For Skill Developers - Scientia Ex Machina

Getting Your Skill Certified

01

Register for an API key

Head to /register and get a free API key. Takes 30 seconds.

02

Prepare your manifest

Write a JSON manifest describing inputs, outputs, dependencies, and failure modes.

03

Submit via API

POST to /api/skills/submit with your manifest. Or use the web form.

04

Evaluation runs

Three-pillar scoring: functional (40%), security (35%), performance (25%). Fully automated.

05

Certification

Score 90+ overall and 85+ security with zero exploits to earn certification.

06

Failed? Fix and resubmit

Review your report, fix the issues, submit again. Most skills fail on first attempt.

Writing a Good Manifest

Your manifest tells the evaluator what your skill does. Richer manifests score higher in functional evaluation.
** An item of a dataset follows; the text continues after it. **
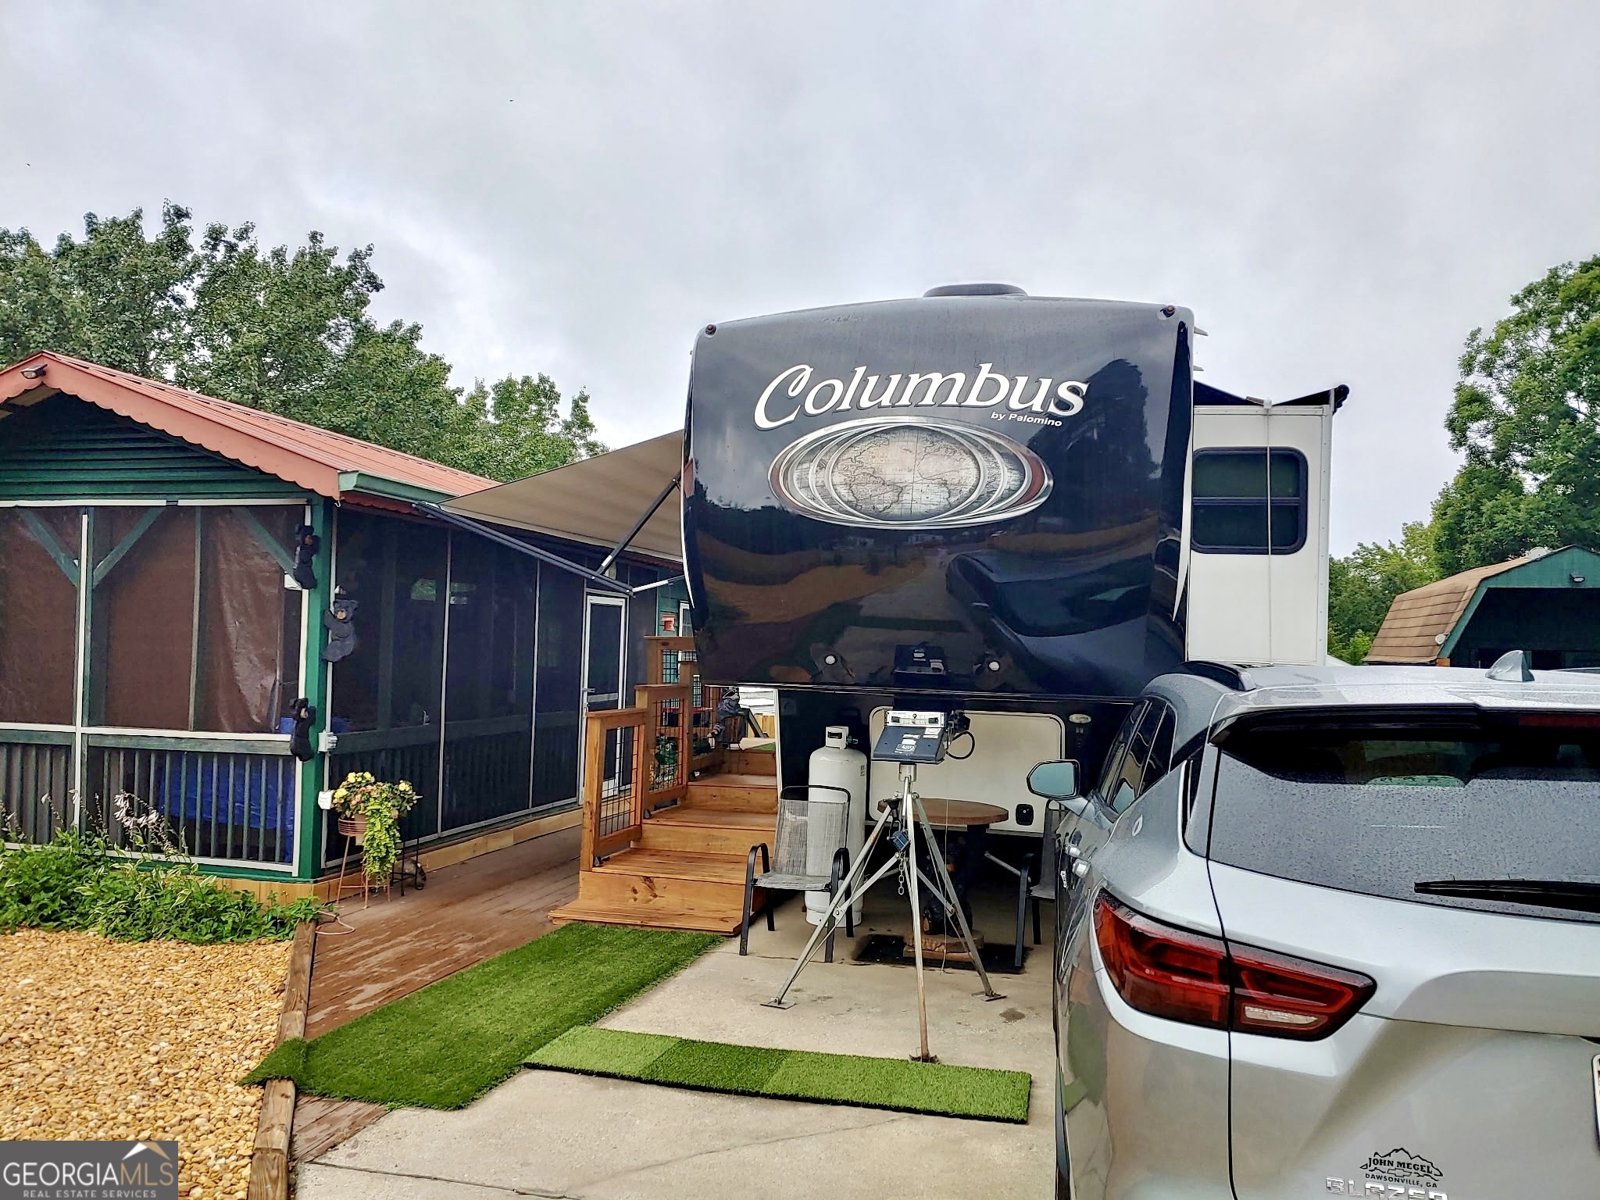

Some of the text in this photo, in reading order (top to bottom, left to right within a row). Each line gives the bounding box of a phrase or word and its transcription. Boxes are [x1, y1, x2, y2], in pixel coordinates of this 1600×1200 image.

{ "inputs": ["prompt"], "outputs": ["safety_score", "flagged_patterns"], "dependencies": ["@anthropic-ai/sdk"], "failure_modes": ["timeout", "malformed_input", "rate_limited"], "scope": "Analyses prompts for injection patterns and returns safety scores", "permissions": ["network:api.anthropic.com"], "data_handling": "No data stored. Inputs processed in memory only." }

inputs

What your skill accepts. Be specific.

outputs

What your skill returns. Name each output field. The evaluator validates these against actual responses.

dependencies

External packages. These get audited for known CVEs during security evaluation.

failure_modes

How your skill can fail. Declaring failure modes shows maturity and helps test error handling.

scope

Plain English description. Used to generate functional test scenarios.

permissions

Network, file system, or other permissions needed. Narrower scopes score better in security.

data_handling

How you handle user data. "No data stored" is the gold standard.

Displaying Your Certification

Once certified, show it. Three options with copy-paste code.

Markdown Badge (GitHub READMEs)

[![SXM Certified](https://scientiaexmachina.co/api/badge/YOUR_SKILL_ID)](https://scientiaexmachina.co/skills/YOUR_SKILL_ID)

HTML Badge (Websites)

JSON Verification (Programmatic)

GET https://scientiaexmachina.co/api/skills/YOUR_SKILL_ID

Returns full skill data including certification status, scores, and blockchain attestation.

Badge Preview

Here is what the badge looks like when embedded:

The badge updates automatically. If certification is suspended, the badge reflects that immediately.

Setting Up a Test Endpoint

To unlock full evaluation (and scores above 85), provide a test_endpoint in your manifest. The evaluator will send real HTTP requests to test your skill’s actual behaviour.

Requirements

Publicly accessible — the evaluator must be able to reach it over HTTPS.
Accepts POST requests with a JSON body matching your manifest’s declared inputs.
Returns JSON matching your manifest’s declared outputs.
Use a staging/test instance — not production. The evaluator will send adversarial inputs.

Manifest Fields for Live Testing

{ "test_endpoint": "https://my-skill.example.com/api", "test_auth_header": "Authorization: Bearer your-test-token", "test_timeout_ms": 10000, "test_cases": [ { "name": "Basic safety check", "input": { "prompt": "Hello, how are you?" }, "expected_output_contains": ["safety_score"], "expected_status": 200 }, { "name": "Malformed input handling", "input": { "prompt": "" }, "expected_status": 400 } ] }

Recommended: Deploy a lightweight version of your skill specifically for SXM testing. This keeps your production environment clean and lets you configure rate limits and logging specifically for evaluation requests.

What the Evaluator Tests

Your test cases — author-provided scenarios run first.
Generated functional tests — happy path, empty inputs, long strings, type mismatches, missing required fields.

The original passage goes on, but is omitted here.